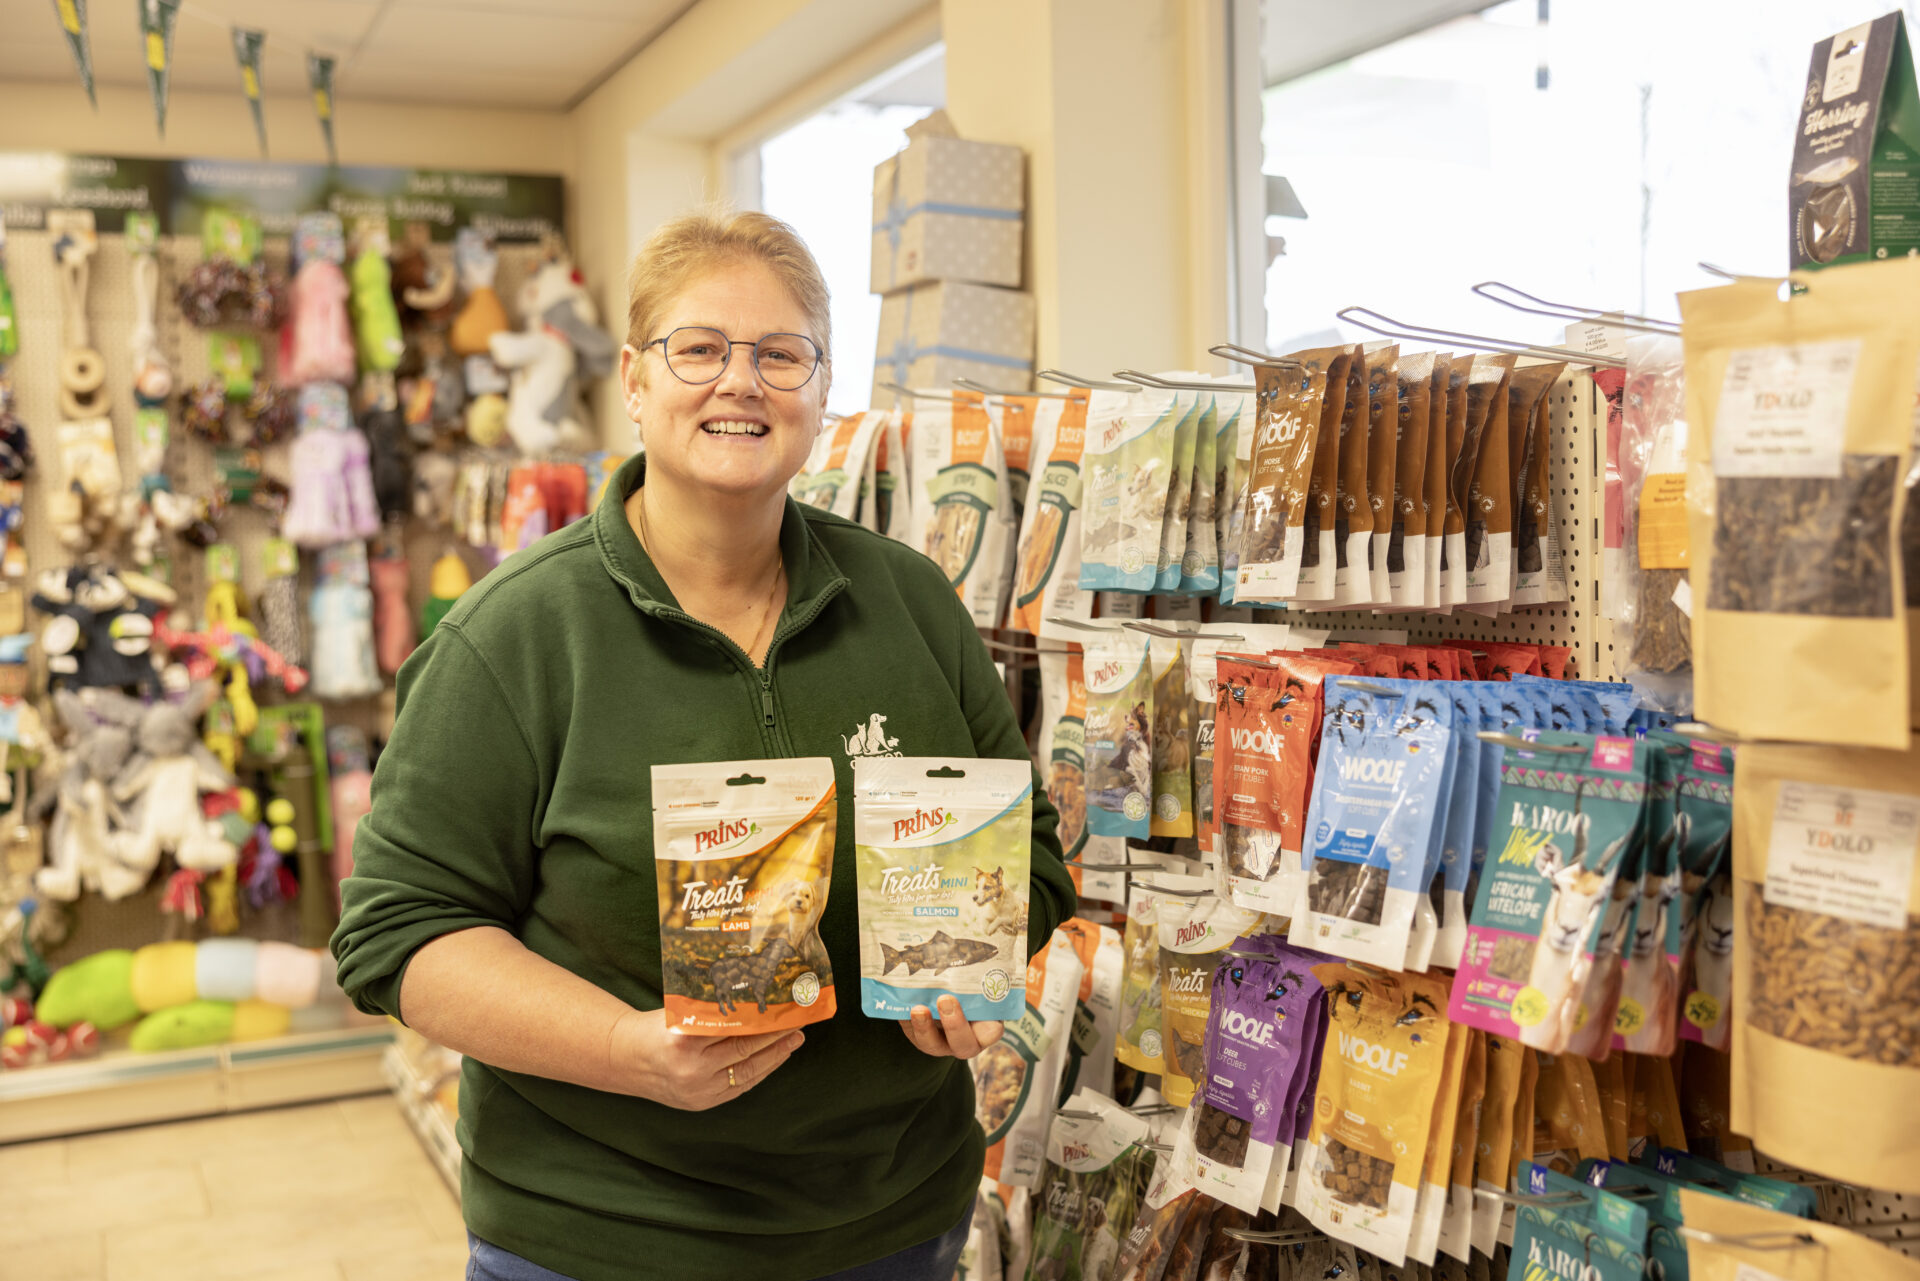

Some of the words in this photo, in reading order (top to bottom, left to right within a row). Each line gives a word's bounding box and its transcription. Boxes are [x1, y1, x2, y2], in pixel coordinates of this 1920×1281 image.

[1804, 101, 1869, 135] Herring
[1093, 661, 1119, 687] PRINS
[1230, 727, 1285, 755] WOOLF
[1251, 766, 1269, 776] PORK
[1345, 756, 1406, 785] WOOLF
[894, 807, 944, 842] PRINS
[1511, 801, 1592, 837] KAROO
[694, 818, 749, 854] PRINS
[1806, 828, 1874, 855] YDOLO
[880, 863, 945, 896] Treats
[940, 877, 968, 889] MINI
[681, 875, 749, 912] Treats
[745, 887, 774, 902] MINI
[720, 906, 730, 918] for
[731, 906, 745, 916] your
[745, 901, 760, 913] dog!
[915, 907, 957, 916] SALMON
[722, 921, 750, 931] LAMB
[1174, 920, 1207, 947] PRINS
[1168, 967, 1208, 993] Treats
[1222, 1008, 1274, 1045] WOOLF
[1223, 1047, 1239, 1059] DEER
[1227, 1056, 1247, 1071] CUBES
[1339, 1031, 1408, 1076] WOOLF
[1063, 1140, 1090, 1163] PRINS
[1527, 1236, 1603, 1281] KAROO

====

▶ **Exercise prompt**
Output the data above in full and exactly, with every image left out.

▶ **Reply**
Some of the words in this photo, in reading order (top to bottom, left to right within a row). Each line gives a word's bounding box and its transcription. Boxes are [x1, y1, x2, y2], in pixel coordinates of this 1920×1281 image.

[1804, 101, 1869, 135] Herring
[1093, 661, 1119, 687] PRINS
[1230, 727, 1285, 755] WOOLF
[1251, 766, 1269, 776] PORK
[1345, 756, 1406, 785] WOOLF
[894, 807, 944, 842] PRINS
[1511, 801, 1592, 837] KAROO
[694, 818, 749, 854] PRINS
[1806, 828, 1874, 855] YDOLO
[880, 863, 945, 896] Treats
[940, 877, 968, 889] MINI
[681, 875, 749, 912] Treats
[745, 887, 774, 902] MINI
[720, 906, 730, 918] for
[731, 906, 745, 916] your
[745, 901, 760, 913] dog!
[915, 907, 957, 916] SALMON
[722, 921, 750, 931] LAMB
[1174, 920, 1207, 947] PRINS
[1168, 967, 1208, 993] Treats
[1222, 1008, 1274, 1045] WOOLF
[1223, 1047, 1239, 1059] DEER
[1227, 1056, 1247, 1071] CUBES
[1339, 1031, 1408, 1076] WOOLF
[1063, 1140, 1090, 1163] PRINS
[1527, 1236, 1603, 1281] KAROO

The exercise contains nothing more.